In Friday's session you will have the opportunity to do a variation of the following set:

  • 4 x 100m at CSS pace, with 1 beep recovery (or your approximate average pace for the 800m time trial which will be very close to the 400m / 200m tests that we've used previously)
  • 1 x 400m at CSS + 3" per 100m (i.e. 3" per 100m slower than the 100m intervals)
  • 4 x100m at CSS pace, but with only 15 seconds rest (we will use the re-sync button on the top of the Tempo Trainer for this)
  • 1 x 400m at CSS + 1" per 100m
  • 4 x 100m at CSS pace, but with only 10 second rest

...this will be a tough set, but a fair one. You'll all feel it's too easy at the start, but then be challenged by the end. But you'll do it, if you pace correctly and if you're diligent about those gaps!
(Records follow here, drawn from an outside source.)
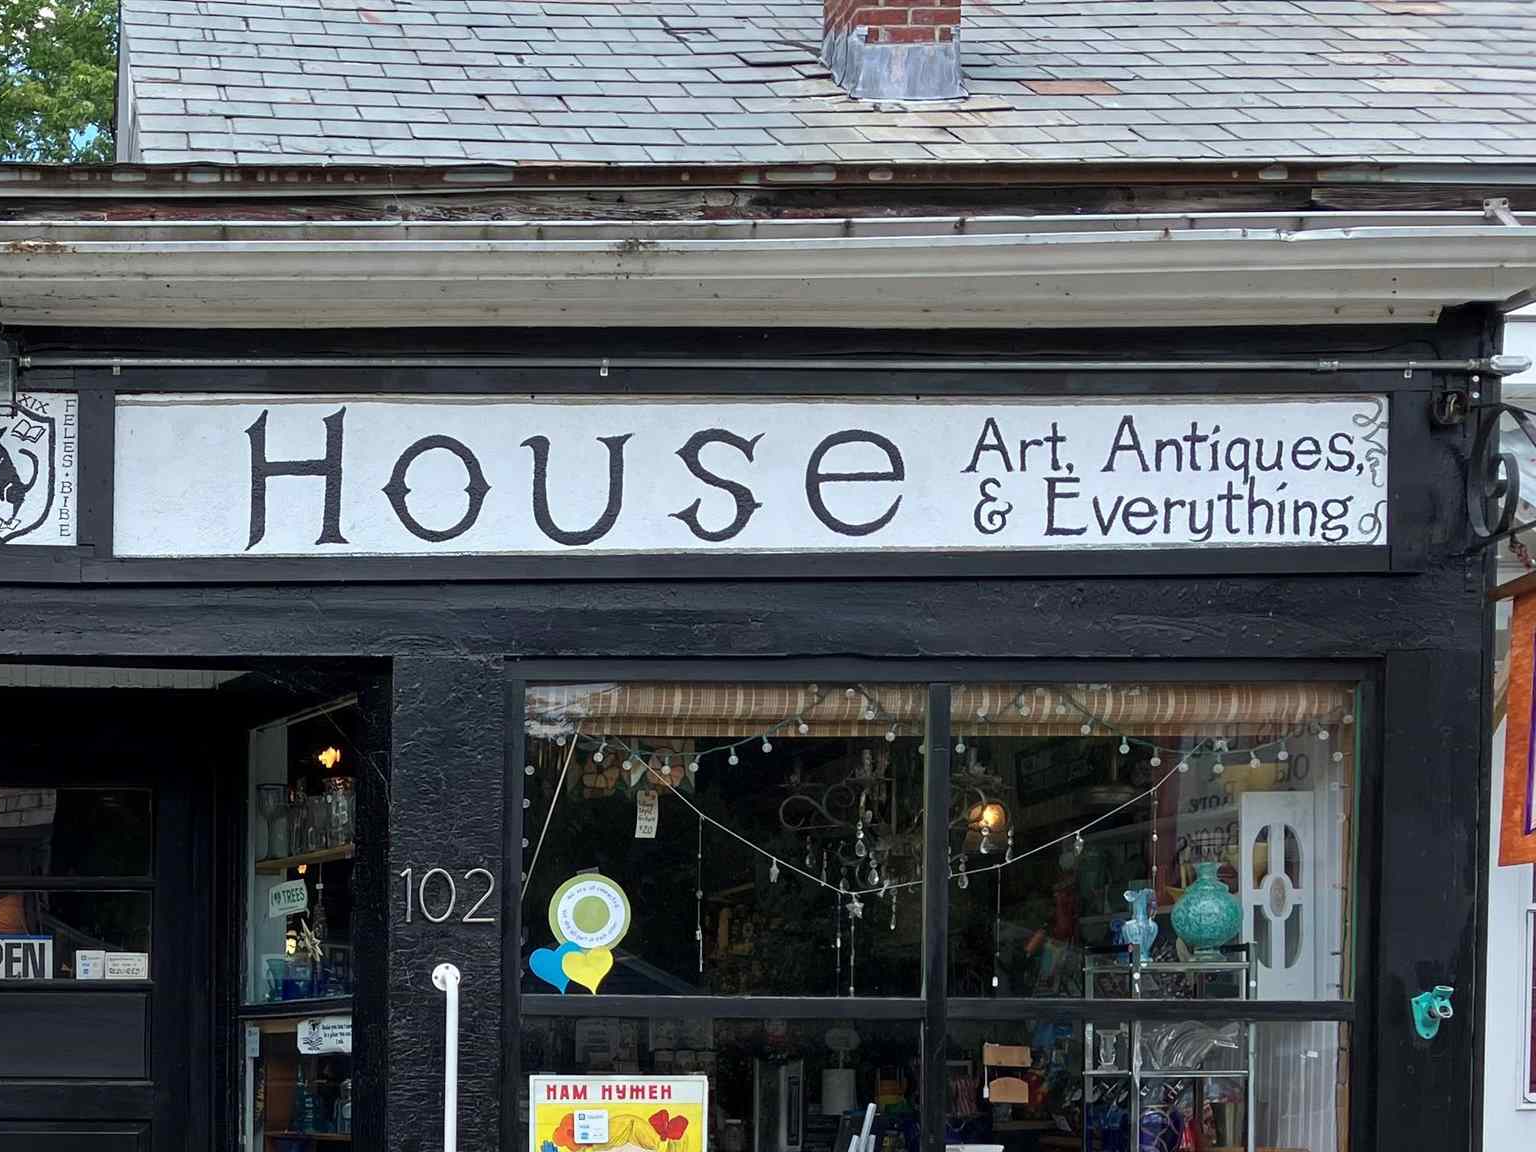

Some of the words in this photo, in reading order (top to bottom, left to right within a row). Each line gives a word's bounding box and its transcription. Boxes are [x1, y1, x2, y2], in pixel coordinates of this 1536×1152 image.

[973, 477, 1013, 535] &
[1043, 476, 1354, 543] Everything
[399, 868, 495, 923] 102
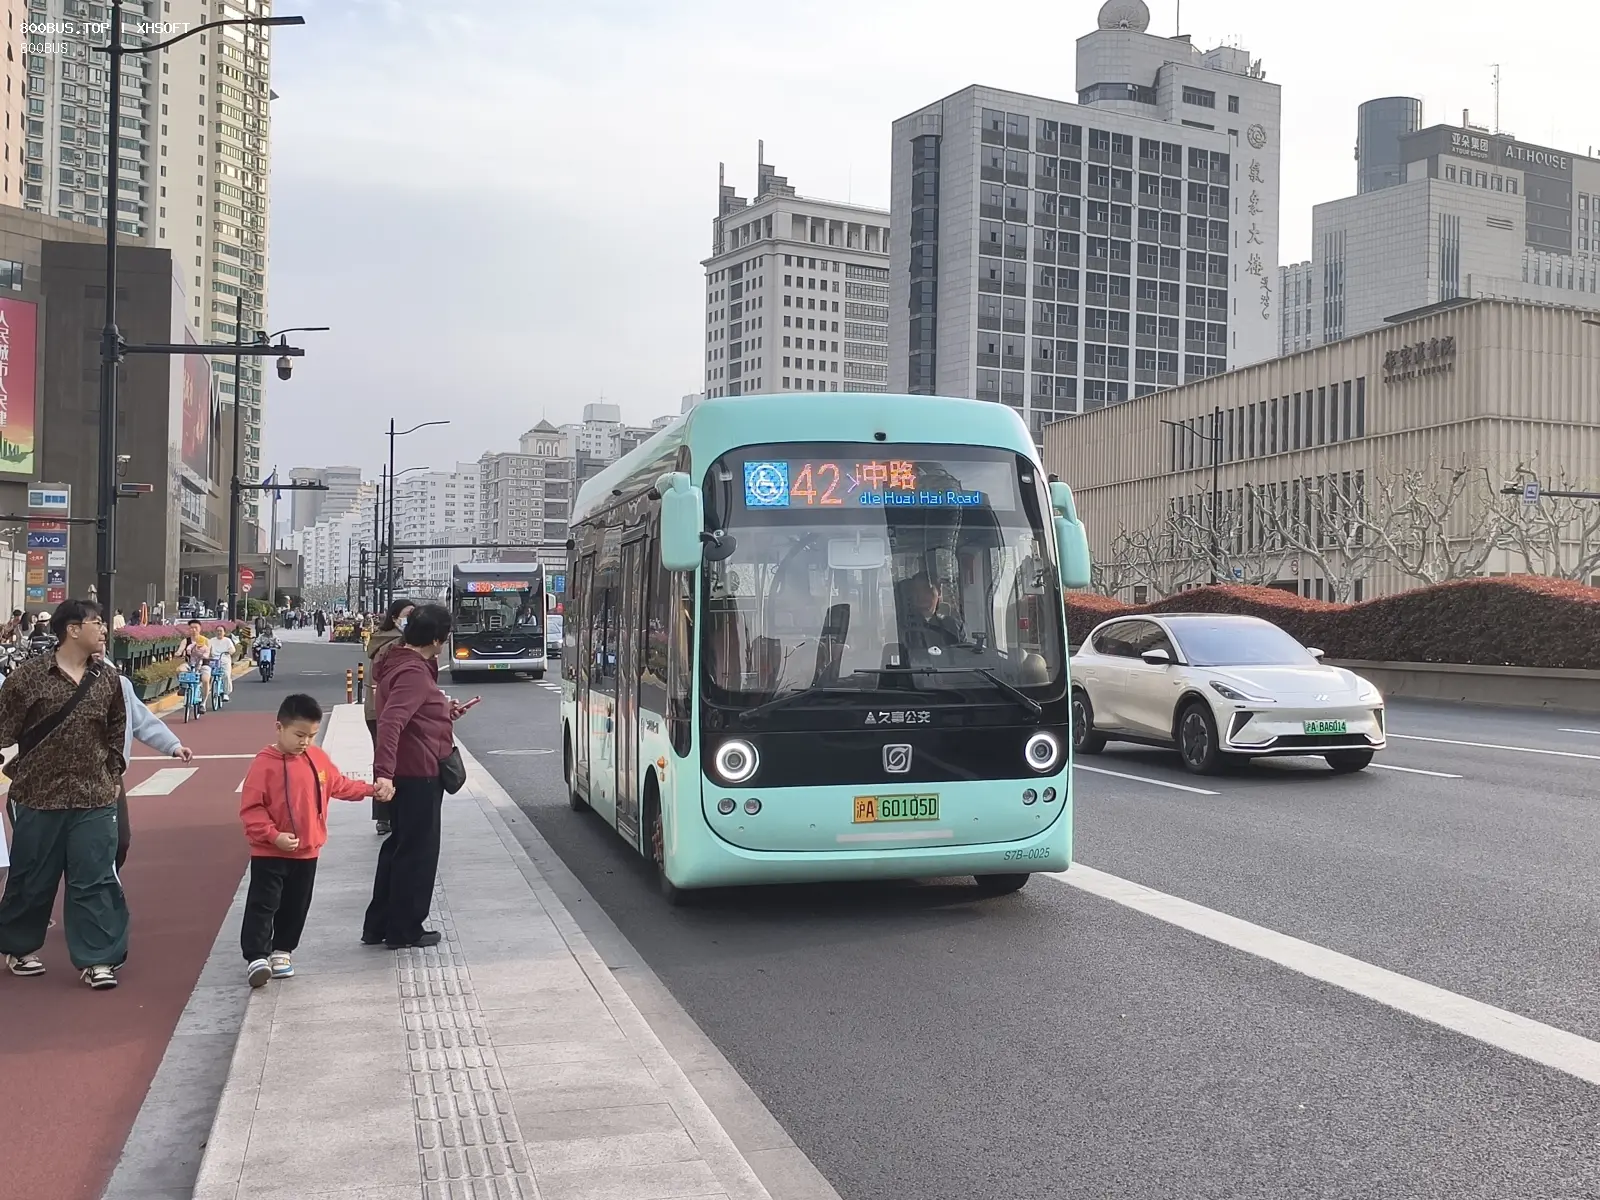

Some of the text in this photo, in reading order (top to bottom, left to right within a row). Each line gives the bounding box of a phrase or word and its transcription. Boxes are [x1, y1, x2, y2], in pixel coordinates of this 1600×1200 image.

[1452, 132, 1489, 152] 亚朵集团
[790, 463, 842, 504] 42
[856, 460, 915, 490] 中路
[859, 491, 981, 505] dle Huai Hai Road
[878, 711, 931, 724] 久事公交
[1003, 848, 1050, 861] S7B-0025
So please, save me some breath on a Friday morning :-) and let's get minding those gaps, pacing correctly and truly tapping into the benefits of swimming at this pace and progressively chipping away at it - and if you do, maybe in 6 weeks time you'll be writing an email like this one from Jeff Davis in the 5.30am squad who's now swimming nearly 8 seconds per 100m faster than he was 6 weeks ago - well done Jeff!

"Hey Paul,
 
A little bit hard for me to share how excited I was this morning with my 800m time… So I'll do it over email.
 
6 weeks of doing the 530am Tuesday / Wednesday / Friday sessions took me from 13:15 to 12:14 (or something like that anyway).
 
I have been stuck at 1:40 per 100m pace for years so this feels like a massive break through!
 
I understood the concept of "CSS" but now I've seen it actually work. The discipline of 3 sessions a week, respecting each session (no cheating), and operating at / around threshold has helped me a lot.
 
So a big thank you from me!

My thoughts:
  • I was actually relieved to move to lane 2. What I found was that the short repeat sessions (Tuesdays and Fridays) I was ok in lane 3. But Wednesdays would blow me up big time. I got to the point where I was honestly nervous before turning up on a Wednesday morning cause I knew it was going to be too hard! Interestingly, while I was relieved to move down a lane I think other people see moving lanes as a "demotion" of sorts. I just never saw it like that. I think there is a bit of "ego" around which lane you swim in. But who cares? Don't you want to do whatever makes you a quicker swimmer? I see guys in other lanes doing short turns and jumping on feet and I laugh – how can you be getting anything from that?
  • Ironman World Champion Chris McCormack talks about threshold sessions where if you are working above threshold you can only do a little bit of work at that level (like trying to pull your threshold up) whereas working just below your threshold you can do a lot more work at that level (like pushing your threshold up). Obviously we do a bit of both of those over the course of the week. But lane 2 felt like I was able to sit just below threshold – and therefore do more work. It was comfortably uncomfortable. And almost straight away I was getting through the Wednesday set (my suspicion is that we're not talking massive numbers here are we? Would it be like 4-6 seconds / 100m between the groups???). The start of the long sessions in lane 2 would feel easy to me – but that was ok because it would always catch up with me by the end of the session. Over the weeks I started feeling stronger and stronger over those distances. Which meant I could jump on the front and do some of the harder work. Then today, after 5-6 weeks in lane 2 building my strength and aerobic base I could jump back into lane 3 and hold my own (still lots of better swimmers than me in lane 3 but the point is that I didn't feel totally out of place).
  • I would also say that mentally there is a massive difference in being able to lead a lane and being the worst swimmer in the lane just struggling to hold on. I don't know what it's worth as a % but being one of the strong swimmers makes you swim better. It's probably the puff your chest out factor!"
Hope this helps crew going forwards into a great summer of Swim Smooth in Perth!